Infine il terzo nodo è la trasformazione chimico-bio-fisica della Terra e dell’ambiente, comprese acqua, energia, aria, e molti altri elementi chimici fondamentali. Sembra che la Terra, che, come diceva il Cantico delle Creature di San Francesco mille anni fa, «ci sostenta e ci governa», stia scrollandosi di dosso una specie umana come l’homo sapiens che non rispetta i limiti invalicabili planetari e vuol fare di testa sua. Così l’economia e la finanza hanno usurpato il governo del pianeta. Lasciandole fare e disfare il creato, l’homo sapiens è diventato un falso e pasticcione homo deus.
Chi si occupa di fare chiarezza?
Ci sono pochi tentativi di dialogo e riparazione delle crisi globali, la maggior parte sotto l’egida delle Nazioni Unite. Ma in molti casi sono tentativi deboli con leadership scarsa che cercano il minimo comune denominatore delle crisi, invece di incoraggiare i popoli a cambiare strada.

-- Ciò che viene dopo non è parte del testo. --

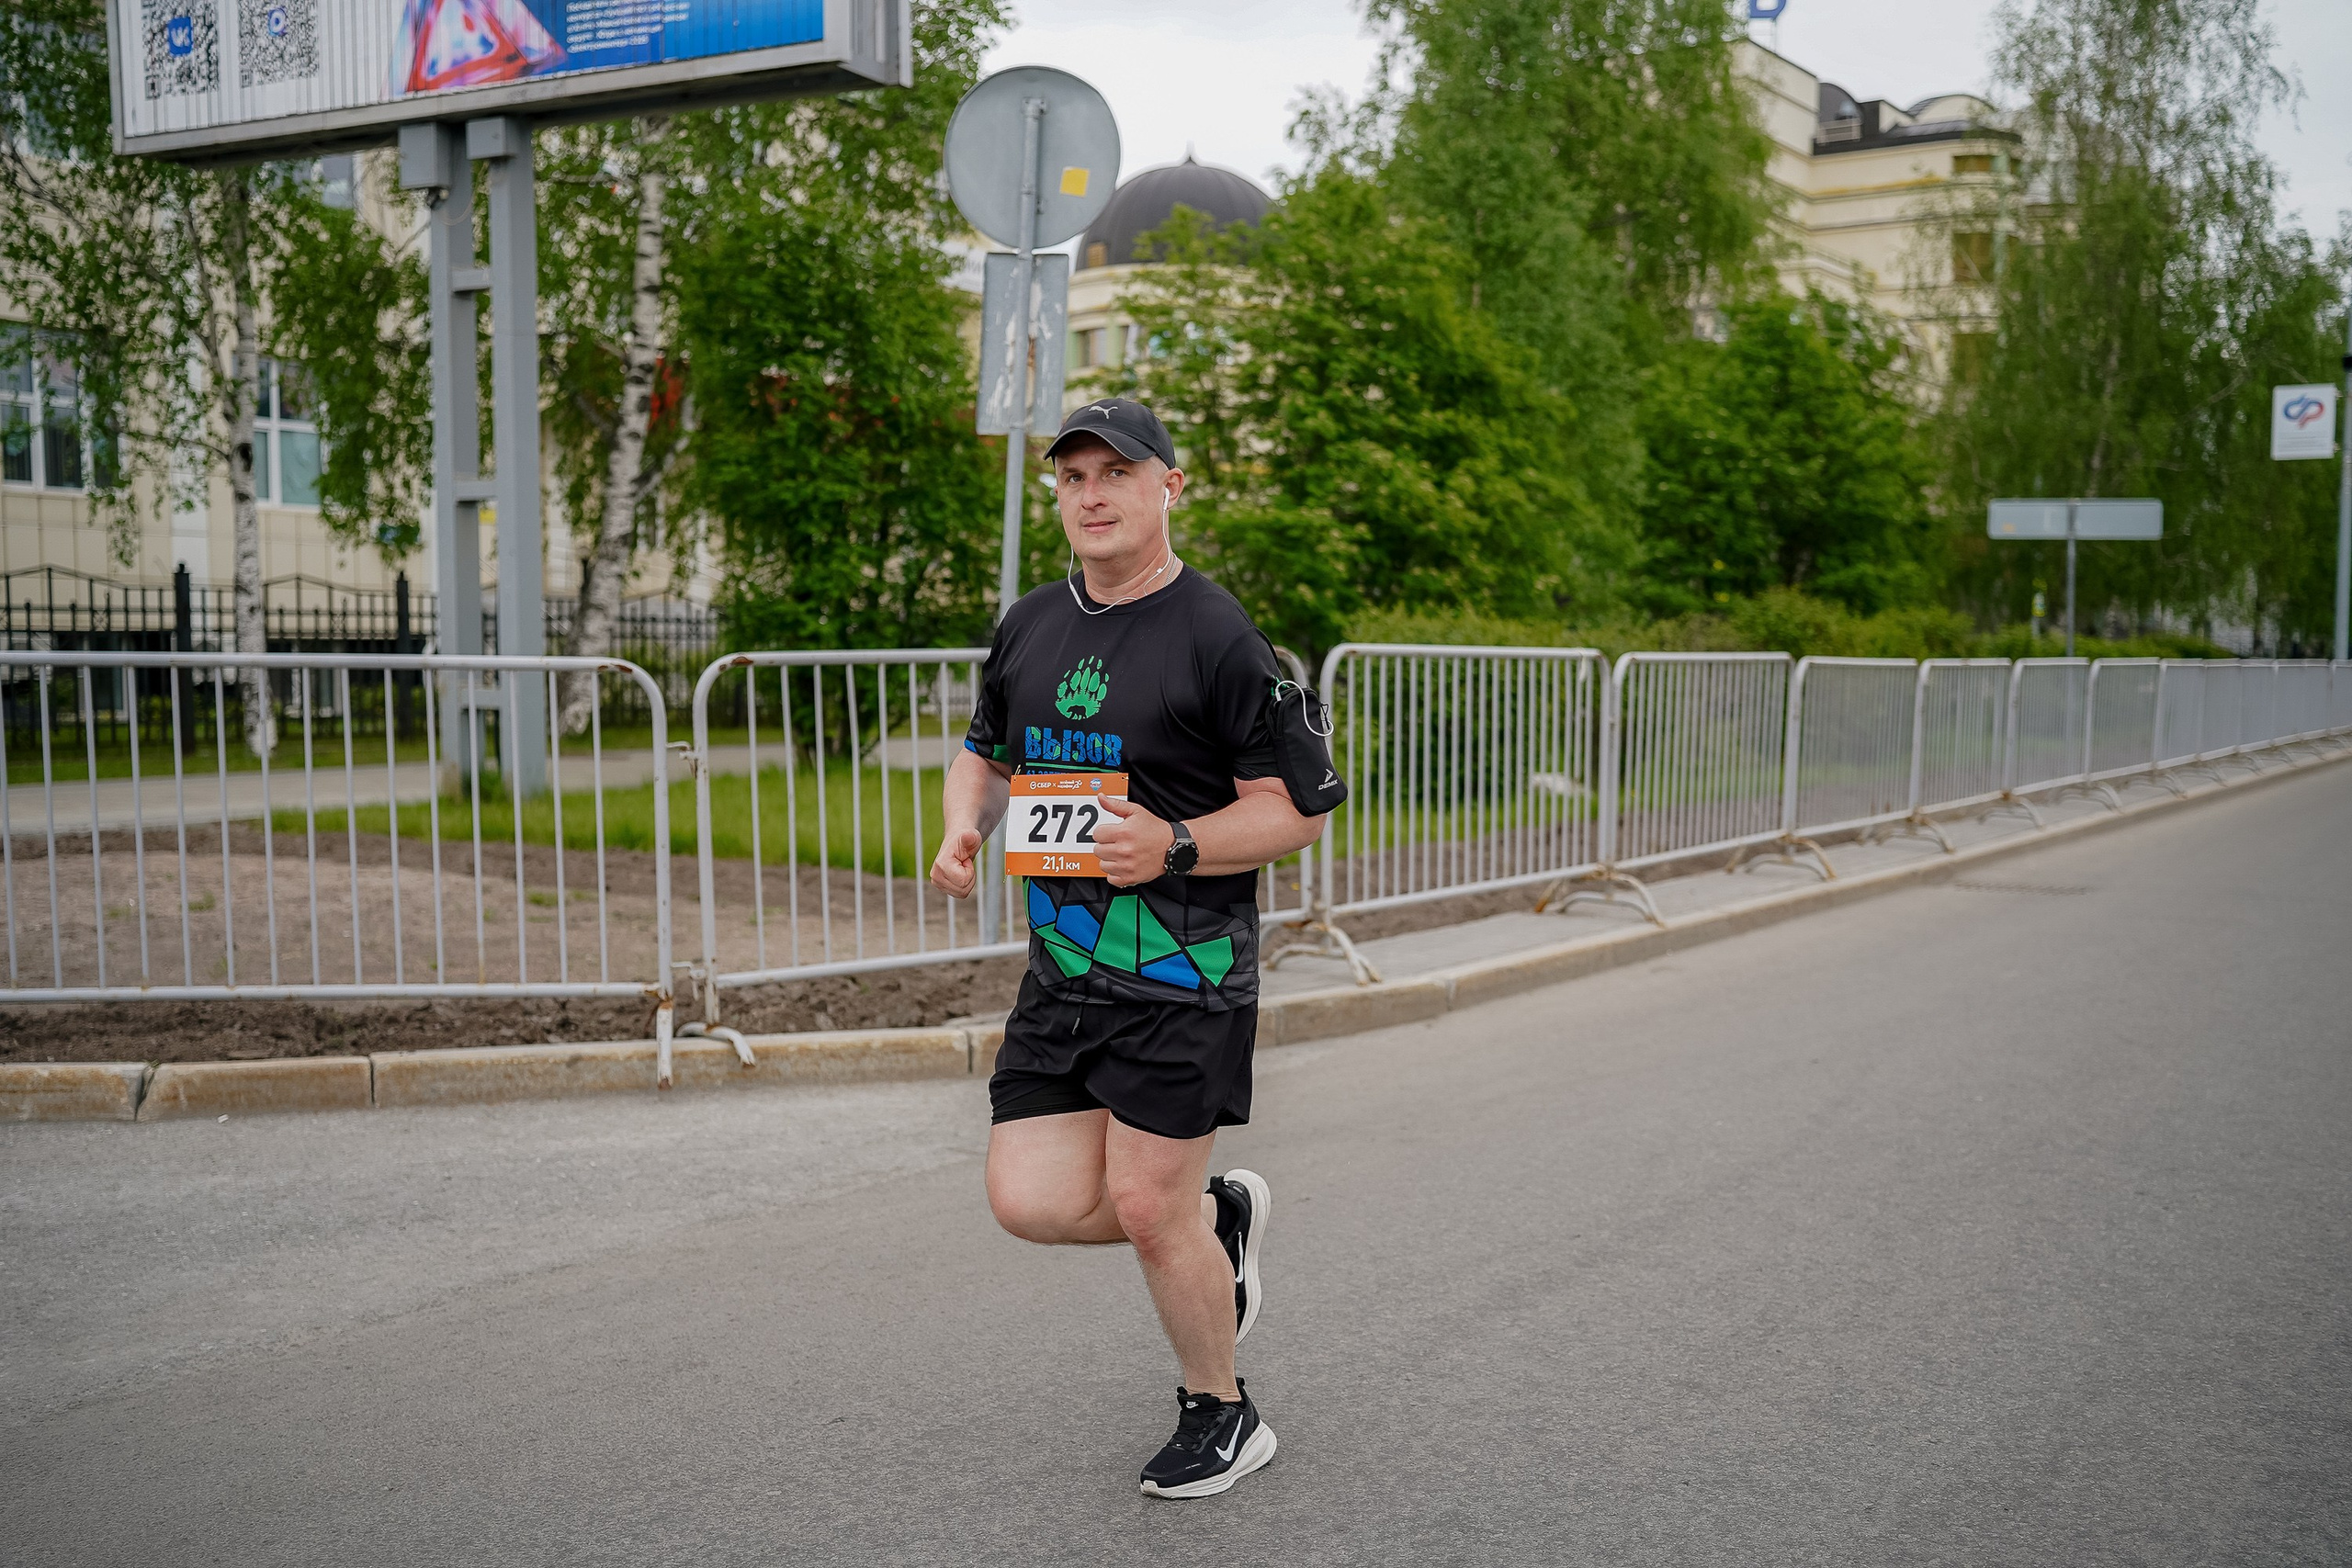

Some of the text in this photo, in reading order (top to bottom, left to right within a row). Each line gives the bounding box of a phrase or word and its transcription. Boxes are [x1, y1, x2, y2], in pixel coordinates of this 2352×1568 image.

D’altronde, se non cambiano le regole del gioco, le Nazioni Unite, che spesso sono costrette a giocare contro se stesse e contro le proprie regole, non riusciranno nemmeno a trovare l’arbitro giusto, capace di mostrare un cartellino rosso e far poi rispettare la decisione presa. Si dovrebbe andare invece verso un governo internazionale dei beni comuni, eliminando tutte le regole che lo impediscono.
Io vivo in Thailandia, una grande nazione dell’estremo Oriente. Osservando le esperienze dei popoli asiatici, mi sono convinto che il vecchio continente ci guadagnerebbe parecchio a lasciarsi “orientare” di più dalle esperienze, culture, scelte economiche e sociali dell’Asia, che da sola ha più popolazione e dunque più cervelli e mercati di tutto il resto del mondo messo insieme. L’Occidente, che ha responsabilità pesanti per le scelte sbagliate che hanno generato molti dei grandi conflitti e disastri socio-economici moderni, potrebbe guardare con meno arroganza alle applicazioni del pensiero orientale, che ha scelto da sempre il baricentro della felicità del popolo, prima di quello del profitto o dell’individuo. Certo non è tutto oro quel che luccica in Oriente, ma un dialogo e un’osservazione più alla pari sarebbero utili, abbandonando la gran voglia che ha ancora l’Europa di dare lezioni al mondo intero.
Cristiani e “santa inquietudine”
Nella visione di papa Francesco la Chiesa può giocare un ruolo fondamentale, dando credibilità e fiducia a quell’universalismo umanista che la definisce cattolica, e che ha sempre ispirato la presenza della Chiesa nel mondo contemporaneo a partire dalla Rerum Novarum di Leone XIII nel 1891, fino alla costituzione Gaudium et Spes del Concilio Vaticano II. Ma una parte troppo grande della Chiesa fa solo il tifo per Francesco, senza provare a cambiare il quotidiano clericalismo, egoismo, perbenismo e ignavia diffuse nella Chiesa, che la stanno asfissiando, per mancanza dell’ossigeno vitale della vera misericordia vissuta ogni giorno. Francesco, come ogni grande leader visionario, ha bisogno di un popolo ugualmente coraggioso, che si metta a sciogliere i nodi del mondo, certo non li può scogliere il papa da solo.
Troppi battezzati, dimenticandosi della grazia che hanno in sé, interpretano negativamente la santa inquietudine che deve scaturire dalle incertezze e guardano con pessimismo al futuro, mentre solo una visione ottimista e gioiosa della cooperazione umana può sciogliere i nodi del mondo. Ogni incertezza andrebbe affrontata senza più vergognarsi o commiserarsi della propria piccolezza, incapacità o inutilità. Come scriveva Rabindranath Tagore, le stelle non si vergognano di sembrare lucciole.